Apologies for the long excerpt, but it makes interesting reading.




Bank economists are not poets, but I wonder if the survey results have a metaphorical weight. On the same day that the consumer confidence results were released, the New Zealand Herald published Kirsty Johnston’s shocking revelation that malnutrition is putting twice as many New Zealand children in hospital as it was 10 years ago. One researcher quoted by Kirsty said she had heard of people taking sleeping pills on a Friday in an attempt to sleep through the weekend and avoid needing to buy food.

Although food prices have risen and food takes up a high proportion of poor families’ incomes, the background factor is probably housing costs. Three weeks ago, Kirsty (again) revealed data showing that damp, overcrowded homes are killing 20 New Zealand children a year and sending 30,000 to hospital with preventable housing-related diseases, including the “third-world” disease bronchiectasis, which causes permanent lung damage. The story quotes the Royal Australasian College of Physicians as saying: “Inequities in health outcomes will persist unless such stark social inequities are urgently addressed.”

Hunger in the here and now is a moral indictment, but it’s also a generational calamity. Hunger impairs health and learning, it has enduring social and economic consequences. I was furious and astonished earlier this month when Bill English responded to a Checkpoint story that found two thirds of kids at a South Auckland school were turning up without lunch by venturing that “our plan” would eventually lift people out of poverty.

You can’t just respond to immediate need by saying things will be sweet later. It’s like responding to a ruptured fuel pipeline with an assurance that in the future everyone will be driving electric cars.

On the same day as the consumer confidence survey and Kirsty’s story, Health minister Jonathan Coleman declared that unacceptable waits for cancer surgery for patients under the Southern District Health Board were not the fault of the government. The SDHB is also struggling to provide mental health services – but it’is not alone there. In the last two years the number of people seen by a GP for a diagnosed mental health illness has risen 22% and the system is simply not coping.

These stories and others are not appearing simply because there’s an election campaign on. They’re just the sh|t hitting the fan.

I’ve been working on a story of my own in the past couple of weeks – about the sudden crisis around “synthetic cannabis”, which has claimed as many as 20 mostly young lives in recent months.
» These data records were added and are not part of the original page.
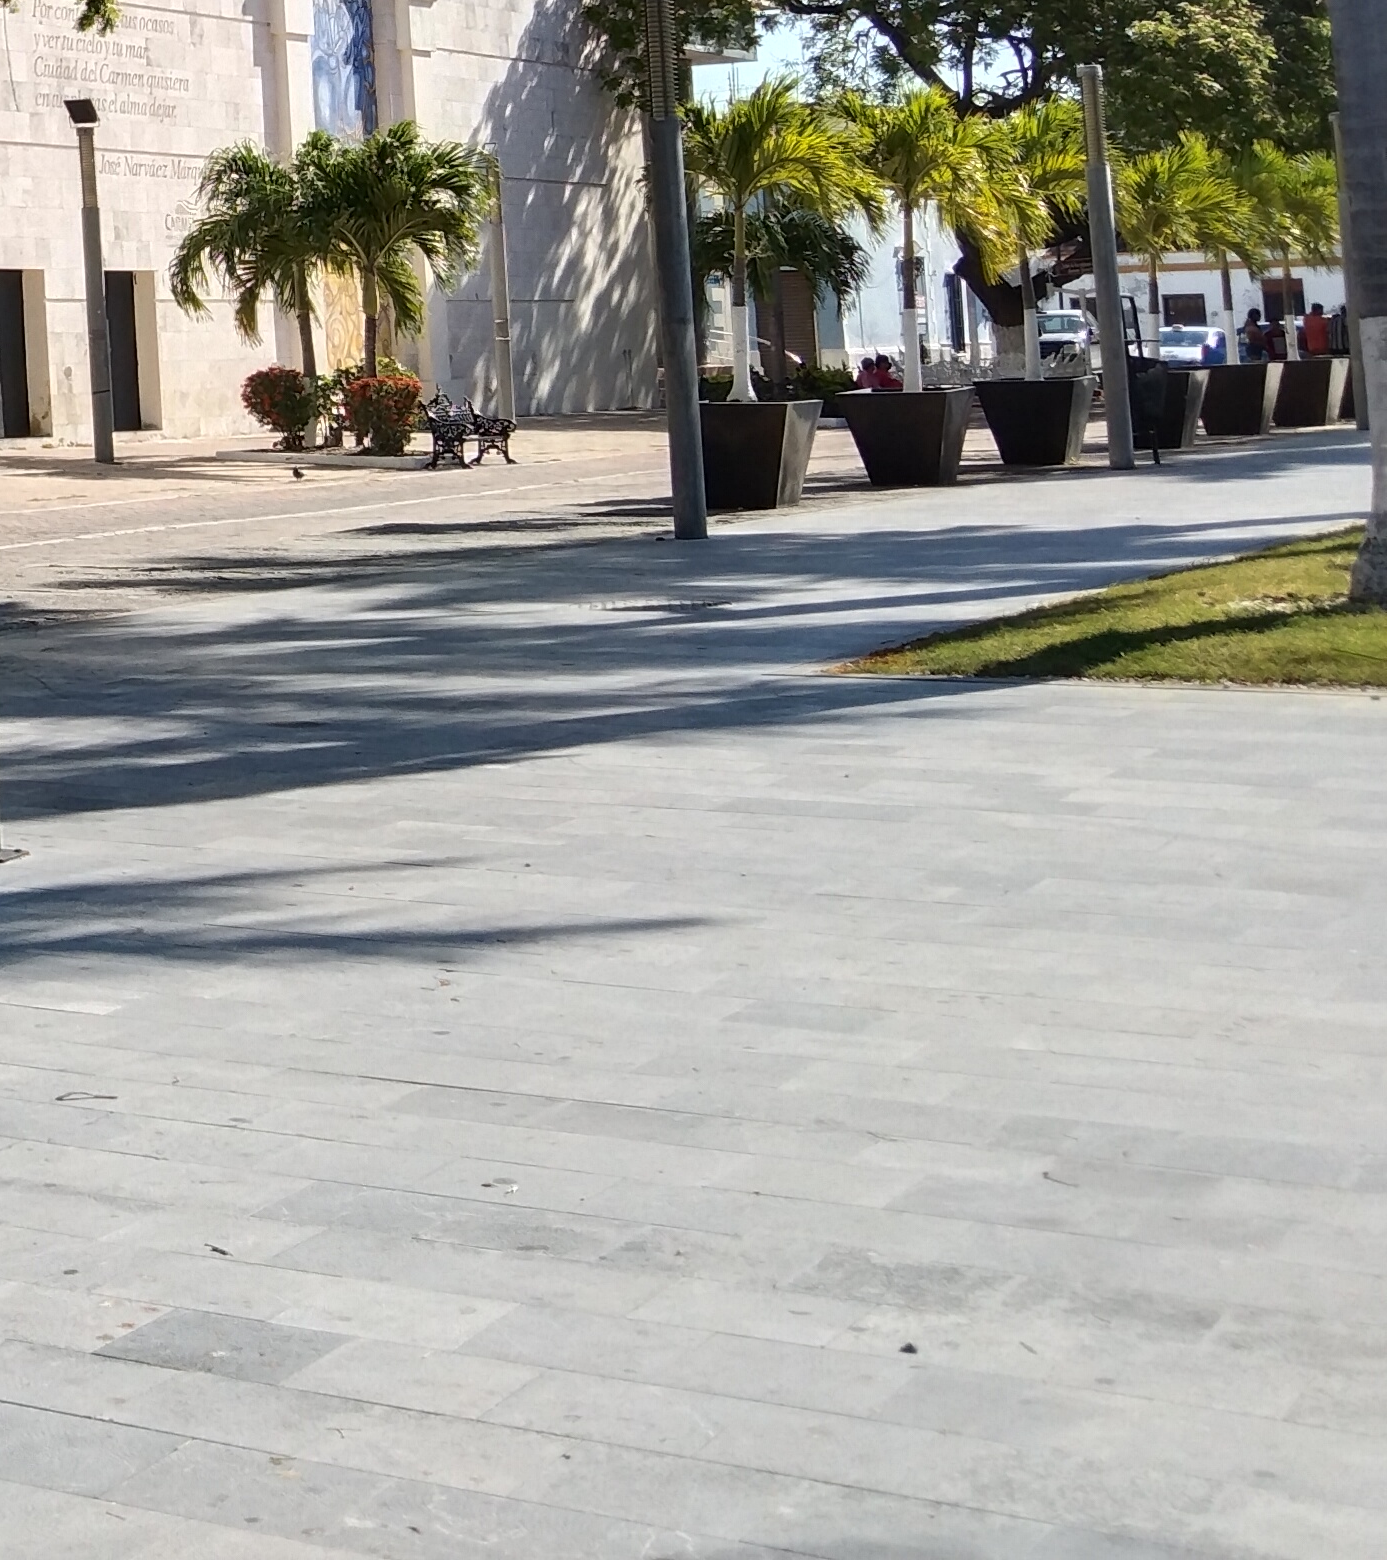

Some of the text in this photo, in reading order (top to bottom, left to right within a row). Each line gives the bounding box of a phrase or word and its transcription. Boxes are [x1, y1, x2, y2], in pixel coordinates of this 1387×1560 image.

[139, 16, 175, 36] ocasos
[33, 33, 41, 53] y
[42, 34, 60, 51] ver
[61, 34, 74, 51] tu
[76, 34, 102, 54] cielo
[102, 41, 111, 60] y
[112, 41, 123, 57] tu
[34, 56, 190, 95] Ciudad del Carmen quisiera
[35, 92, 50, 108] en
[108, 93, 118, 114] el
[119, 95, 147, 116] alma
[149, 97, 178, 123] dejar.
[98, 154, 204, 186] José Narváez Márq
I was glad to finish it – it was making me angry. The sudden crisis isn’t really sudden: it’s been developing for at least three years.
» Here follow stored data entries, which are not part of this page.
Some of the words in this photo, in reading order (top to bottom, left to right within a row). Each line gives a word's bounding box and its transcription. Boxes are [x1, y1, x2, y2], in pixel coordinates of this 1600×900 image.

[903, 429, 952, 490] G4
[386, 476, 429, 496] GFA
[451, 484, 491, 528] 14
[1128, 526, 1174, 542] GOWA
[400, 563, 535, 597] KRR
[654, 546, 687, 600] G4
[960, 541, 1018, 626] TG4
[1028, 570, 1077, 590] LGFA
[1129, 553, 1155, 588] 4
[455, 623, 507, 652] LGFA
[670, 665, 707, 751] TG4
The current government got synthetics out of the headlines three years ago (during the last election campaign) with the retail ban, and then essentially lost interest. The two formal surveys that told us the problem had not in fact gone away were de-funded this year – and nothing has been budgeted for the early-warning system touted as a solution.
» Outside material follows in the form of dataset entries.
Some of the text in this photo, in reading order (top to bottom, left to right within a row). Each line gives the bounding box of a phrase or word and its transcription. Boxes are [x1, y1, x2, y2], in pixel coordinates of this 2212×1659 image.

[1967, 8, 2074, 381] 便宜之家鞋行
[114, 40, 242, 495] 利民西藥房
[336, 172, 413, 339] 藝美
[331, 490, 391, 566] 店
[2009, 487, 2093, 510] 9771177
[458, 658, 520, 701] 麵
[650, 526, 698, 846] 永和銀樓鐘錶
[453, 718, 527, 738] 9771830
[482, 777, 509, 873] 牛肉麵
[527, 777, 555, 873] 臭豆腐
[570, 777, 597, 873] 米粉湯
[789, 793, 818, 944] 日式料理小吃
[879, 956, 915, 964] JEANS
I interviewed a young, Māori woman from West Auckland , clean three months after using for three years, and what she told me really shook me. But these are easy people to ignore.

The implications of this drift in “my” policy area continuing are alarming. As I’ve noted previously, the next Parliamentary term contains a once-in-two-generations opportunity in the compulsory review of the Misuse of Drugs Act 1974.

My faith in anyone in the present goverment to get this right is roughly zero. National’s belated campaign promise to put money into related health and rehab services came packaged with its pledge to ramp up beneficiary drug-testing, a policy for which it could not only not cite real evidence, but which the evidence contradicts. Like the synthetics ban three years ago, it’s less policy than political marketing.

This isn’t to say I’m over the moon with Labour’s drug policy. Beyond welcome and appropriate sentiments about drug use being a health and a not a criminal issue, it doesn’t really have one. But I’d trust a Labour-Green government to get a positive result out of the review infinitely more than I’d trust a National one, even with Kevin Hague out of the picture.